Worse yet, the younger the voter, the fewer wanted to vote for Republicans. Ditto women. Ditto in spades anyone who wasn't white Anglo. Meaning the GOP is slowly running out of angry old white men who didn't graduate from college (and their wives).

All this happened because the GOP has gotten much farther to the Right than the Democrats have gotten to the Left. This is a Center-Center country, really. The bulk of Americans are uncomfortable with the Crazy Eyes people, Left or Right. And the GOP has a bumper crop of Crazy Eyes politicians.

Basically, apart from cheating, there are two ways to win an election: fire up your extremist base or forge a centrist coalition. The GOP has gotten more and more focused on the former, while the Democrats under centrists like Clinton, Obama, and in 2016, another Clinton, have hung onto broad centrist appeal.

This is completely invisible to the Republicans who get all their news from right wing outlets--another reason why the Obama win took so many Republicans by surprise. It happened outside the sealed bubble they live in.

Thus far the Republicans have reacted to their loss by doubling down on their extremism and cheating, the latest being Pearl Harboring the labor unions in Michigan (along with changing the law on referendums, making it harder to overturn unpopular laws).

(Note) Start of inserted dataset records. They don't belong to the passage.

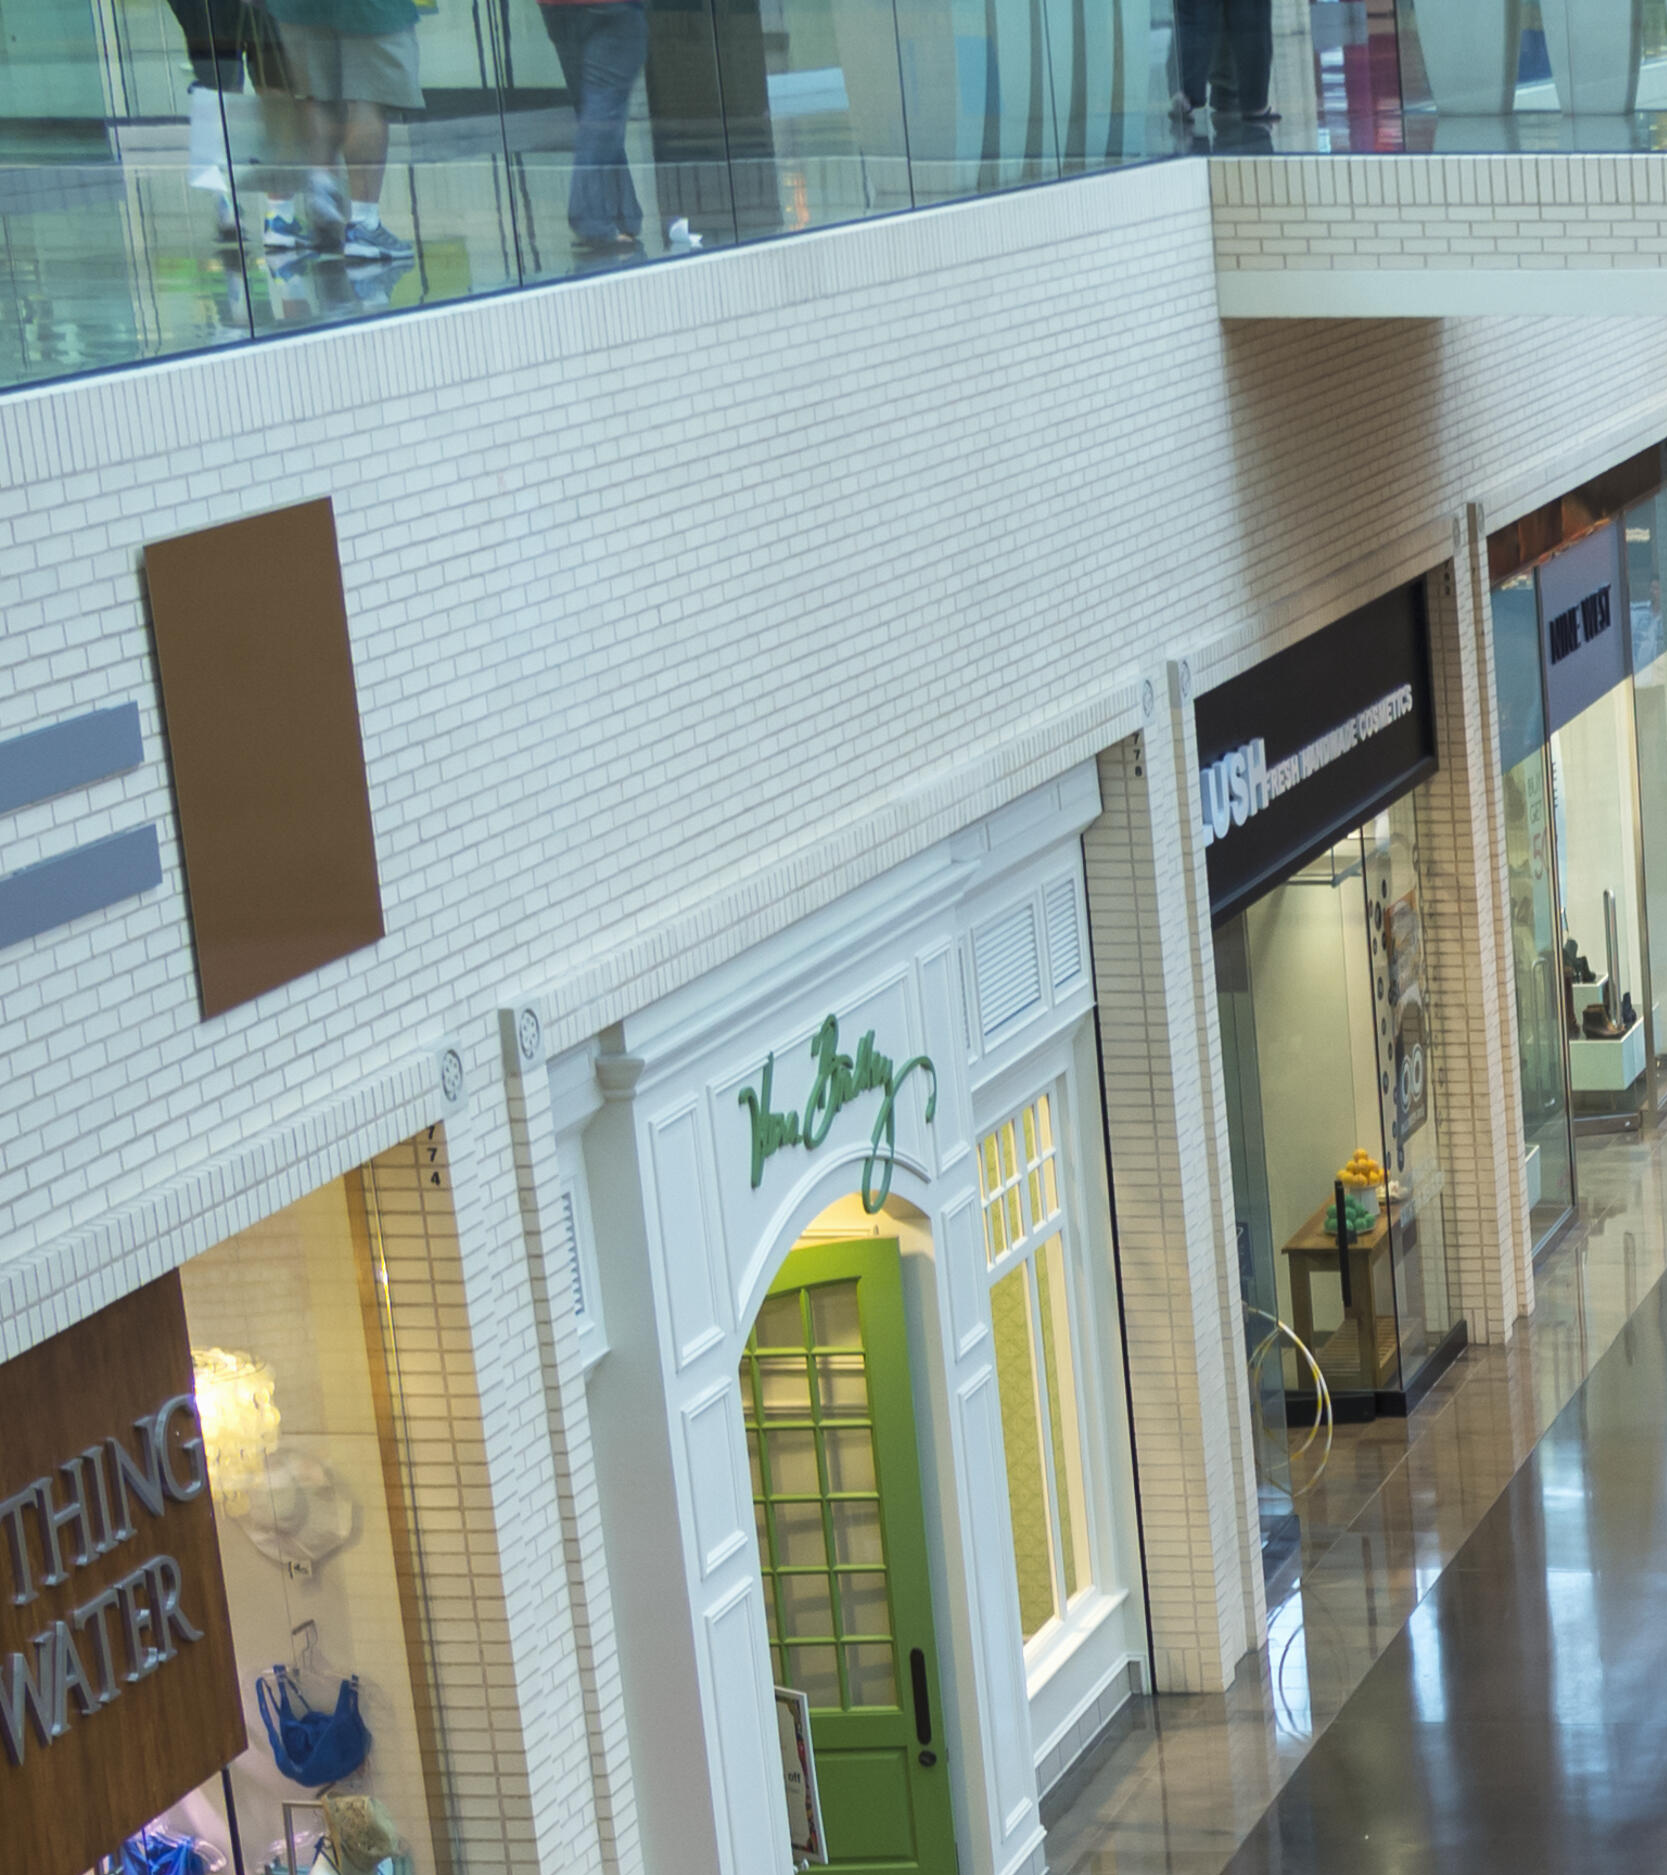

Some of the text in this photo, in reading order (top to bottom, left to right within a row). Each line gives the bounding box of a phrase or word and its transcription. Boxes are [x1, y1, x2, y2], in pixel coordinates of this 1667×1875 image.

[1549, 583, 1611, 666] NINE WEST
[1200, 737, 1269, 849] LUSH
[1266, 753, 1301, 800] FRESH
[1356, 683, 1413, 742] COSMETICS
[0, 1553, 204, 1766] WATER

But demographics and time are against such tactics working.

The amazingly speedy change in public opinion about same-sex marriage is a bellwether of this. Thundering about Gay Marriage doesn't get you elected any more except in the South.

To maintain its national viability over the next decade or so the Republican Party needs to go RINO. If it doesn't it becomes the Party of Southern/Midwestern Aging Undereducated White Men + Their Wives. That doesn't describe a party that can elect a president.

But the GOP is like a meth addict. He knows the Angry Old White High School Grad vote is destroying him...yet it feels so good it's hard to let go. Not to mention the fact that everyone but those Angry Old White Men + their wives have gotten so dismayed at the GOP's assault on the basic workings of democracy that it'll take a long time to win back the trust of people who are naturally inclined to vote Republican.

I understand Chrysler Corp. is building cars much better these days, but the last Chrysler product I owned--a Plymouth Volare station wagon--was built so badly I swore I'd never buy another Chrysler product, and Consumer Reports reliability statistics for decades have borne out my aversion.

So even if every Chrysler product is now a great, reliable car, it will take a decade of good stats before I even think of buying one again.

That's the situation the GOP faces today. It's trapped between first and second base, with the pitcher ready to hurl the ball to whichever base he lunges towards.

Reminds me of a punk rock song

"Should I stay or should I go?"

Should I stay or should I go?

If I stay there will be trouble.

If I go there will be double.

What I really wanna know is--

Should I stay or should I go..."


Likewise the GOP's billionaire patrons threw their entire financial weight into trying to get their guy elected. Now Obama's back in the White House, and he owes them...nothing. The billionaires put all their chips on Red, and the ball landed on Blue.

Ooops.

Plus the public is starting to get the picture that the self-styled Job Creators are really the Pickpockets Preying on the Middle Class. Double ooops.